Cuando Alejo Carpentier escribió, hace ya tantos años, sus bellísimas palabras sobre el “nada mentido sortilegio” de las antiguas calles de Haití, el mundo entero contempló el nacimiento en la literatura de una teoría que ha reflejado la esencia de Latinoamérica: lo real maravilloso. En su exquisita obra El reino de este mundo , el maestro cubano, con talento insuperable, plasmó algunas de las características que identifican el continente, rasgos que se expanden en todos los órdenes de nuestras vidas. También, por supuesto, en esa dimensión clave que es la política, el ejercicio del poder.
La actual postración de Haití solo se explica desde el cosmos de la política. Mejor dicho, solo adquiere sentido pleno cuando comprobamos la ausencia de una política concreta que en este caso se materializa en la aplicación de mil políticas distintas y contradictorias. Esto frena los esfuerzos por reconstruir el país.
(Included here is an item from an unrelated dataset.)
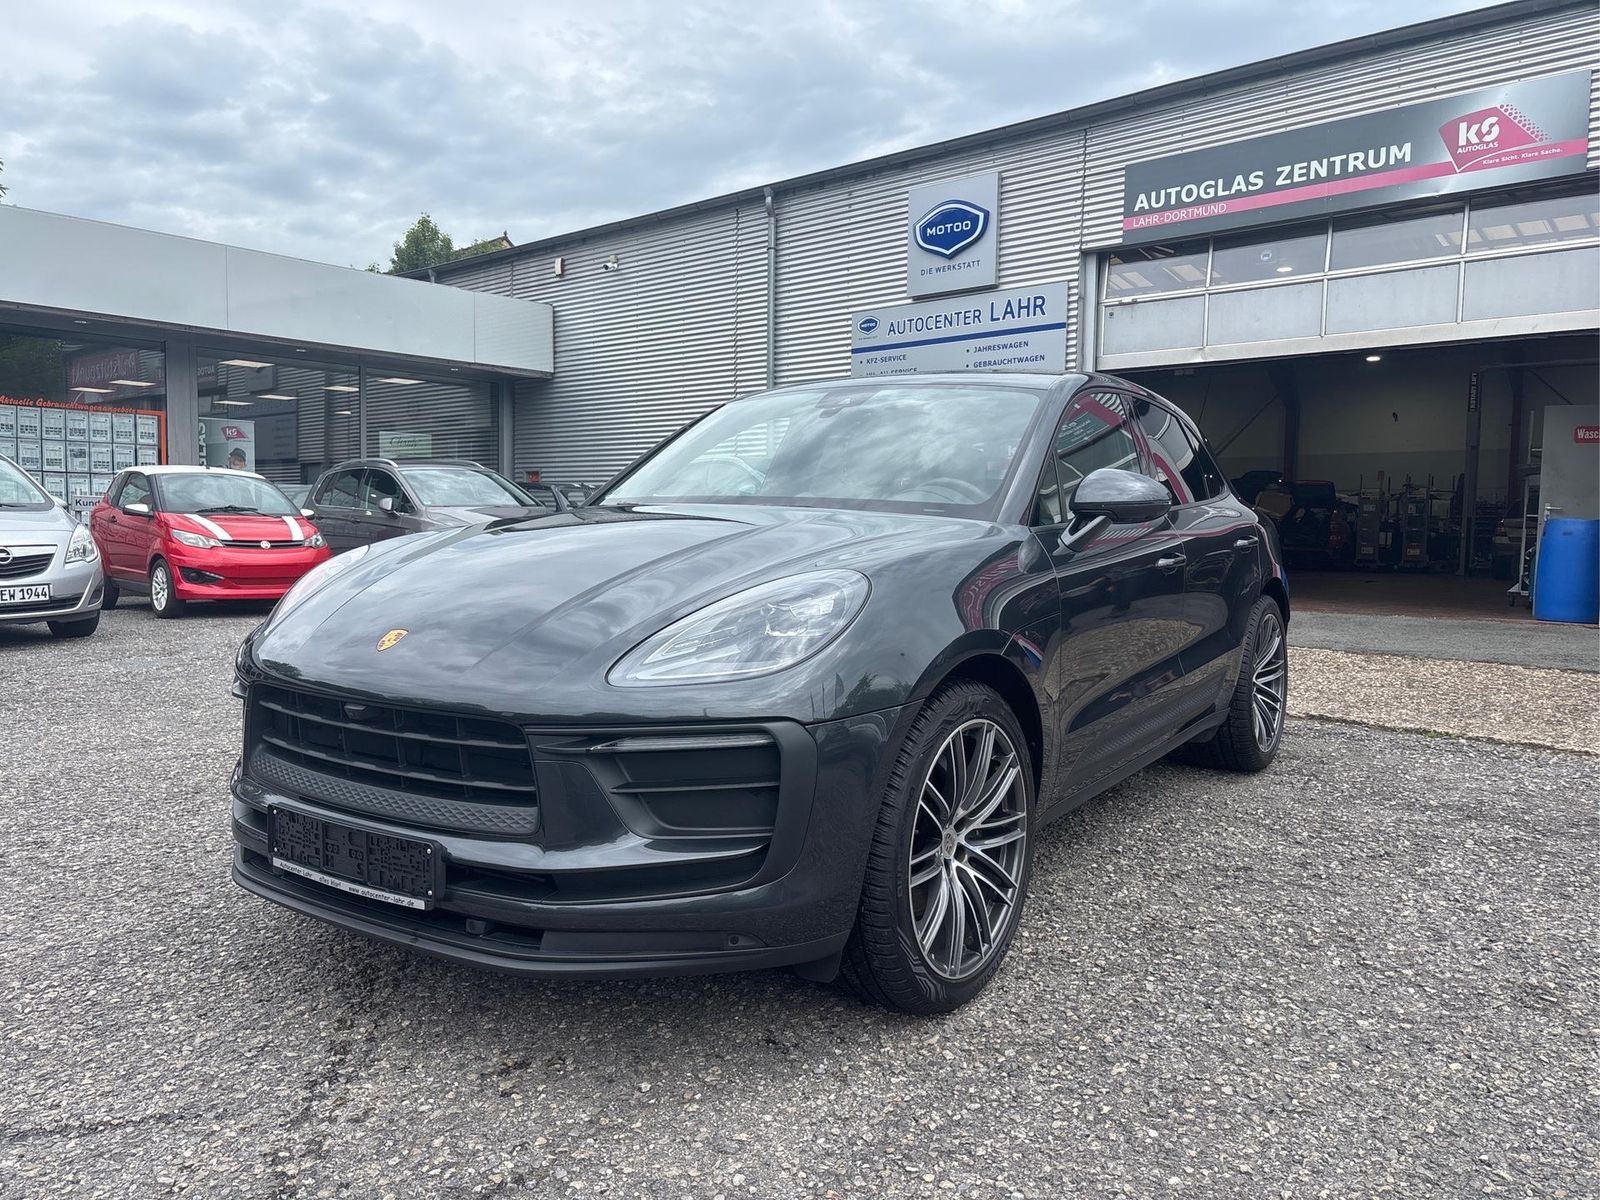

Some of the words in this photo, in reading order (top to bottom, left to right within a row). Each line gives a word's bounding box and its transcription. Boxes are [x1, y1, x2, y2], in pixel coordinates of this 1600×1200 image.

El mundo se ha enfrentado varias veces con la regeneración total de una nación destruida hasta las raíces. No estamos ante un reto nuevo. Pero la hidra ineficaz que dirige la reconstrucción de Haití, aplica una política real-espantosa que ha demostrado la incapacidad del continente para unirse bajo un objetivo común, el débil liderazgo de Brasil y México, la insuficiencia de la solidaridad estadounidense y la inercia de nuestros organismos regionales, tan hábiles para la demagogia y tan ineptos para la acción.
Además, la frágil memoria de Europa y el resto de Occidente, empeoran las cosas. El dinero no llega. Y mientras tanto, los haitianos, que solo importan cuando salen en las noticias, mueren como ratas, bajo una nueva y agobiante esclavitud.
Vudú del olvido. Carpentier decía que en Haití bastaba dar un paso para toparse con lo real-maravilloso. Cuando contemplo en la televisión la encrucijada terrorífica de Puerto Príncipe –la dramática singularidad de los acontecimientos, diría el novelista cubano– comprendo que millones de latinos le estamos aplicando a Haití el cobarde vudú del olvido. Y no nos queda más que aceptar la cruda realidad: hemos fracasado como unos imbéciles en la reconstrucción de un país hermano.
Tenemos la oportunidad de transformar una sociedad enferma y renunciamos al imperativo solidario, apostando por una política real-maravillosa, inocua e ineficaz. El círculo del infierno haitiano se ha convertido en la mayor cicatriz de nuestro continente. Asolado por todas las plagas y condenado por todas las indiferencias, Haití agoniza como nación.
Solo nos falta grabar en la entrada del puerto, como en el infierno de Dante, la frase maldita: lasciate ogni speranza, voi ch’entrate ( Vosotros, los que entráis, perded toda esperanza ).
El llanto por Haití está justificado. Ellos, nosotros, todos, somos la muestra palpable de lo mucho que nos falta por recorrer para la integración real, la anfictionía bolivariana. La posibilidad de crear un gran espacio de poder latino continúa siendo una dulce utopía. Mientras, solo nos queda luchar con todas nuestras fuerzas para que el reino de este mundo no consuma a los haitianos en un remolino macabro de hambre, muerte y destrucción. Vale la pena intentarlo.